Further, the second welding device 7 includes a second truss 71, a second robot 72, a clamping assembly 73, a second chuck assembly 74, and a second welding gun 75; the second robot 72 is slidably connected to the second truss 71, the clamping assembly 73 is disposed adjacent to the second truss 71, the second chuck assembly 74 is disposed adjacent to the clamping assembly 73, and the second welding gun 75 is disposed adjacent to the clamping assembly 73 and above the clamping assembly 73.

When the first automatic handling device 4 grabs the welded cylinder barrel 100 and places the welded cylinder barrel 100 on the material placing table 9, the second automatic handling device 5 vertically places the welded cylinder barrel 100 on the material placing table 9 on the clamping assembly 73, the second chuck assembly 74 clamps the bottom end of the welded cylinder barrel 100, the second manipulator 72 slides along the second truss 71 and places the blanking cover 400 in the inner hole at the top end of the cylinder barrel 100, and the second welding gun 75 welds the top end of the cylinder barrel 100.
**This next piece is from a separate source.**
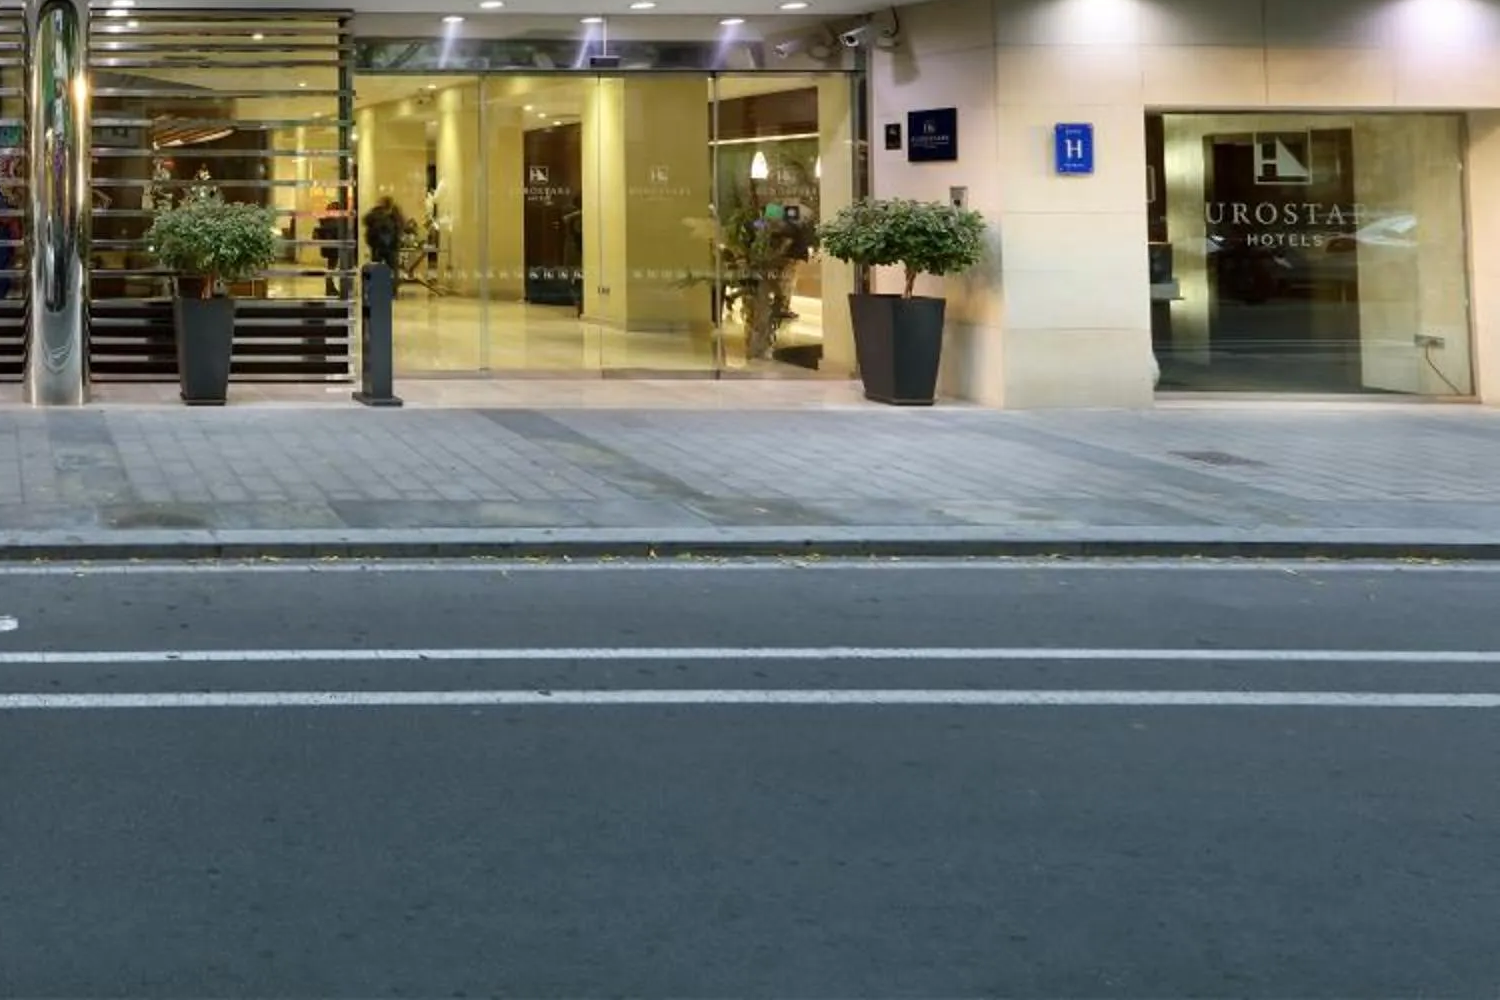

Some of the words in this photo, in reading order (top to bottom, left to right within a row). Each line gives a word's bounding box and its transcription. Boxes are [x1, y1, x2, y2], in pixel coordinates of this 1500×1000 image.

[1066, 139, 1083, 159] H
[1186, 202, 1384, 226] UROSTAR
[1246, 232, 1325, 249] HOTELS
Further, the clamping assembly 73 includes a mounting seat 731, and a clamping jaw 732 mounted on the mounting seat 731 and located above the second chuck assembly 74, wherein the clamping jaw 732 is used for clamping the cylinder 100. When the second automatic handling device 5 vertically places the cylinder barrel 100 welded on the material placing table 9 on the clamping jaws 732 of the clamping assembly 73, the clamping jaws 732 clamp the middle section of the cylinder barrel 100, and the second chuck assembly 74 clamps the bottom end of the cylinder barrel 100. After the second welding gun 75 finishes welding the top end of the cylinder barrel 100, the second automatic handling device 5 grabs and places the cylinder barrel 100 on the double-end lathe 3, so that the double-end lathe 3 can perform centering and inner hole chamfering finish turning on the cylinder barrel 100.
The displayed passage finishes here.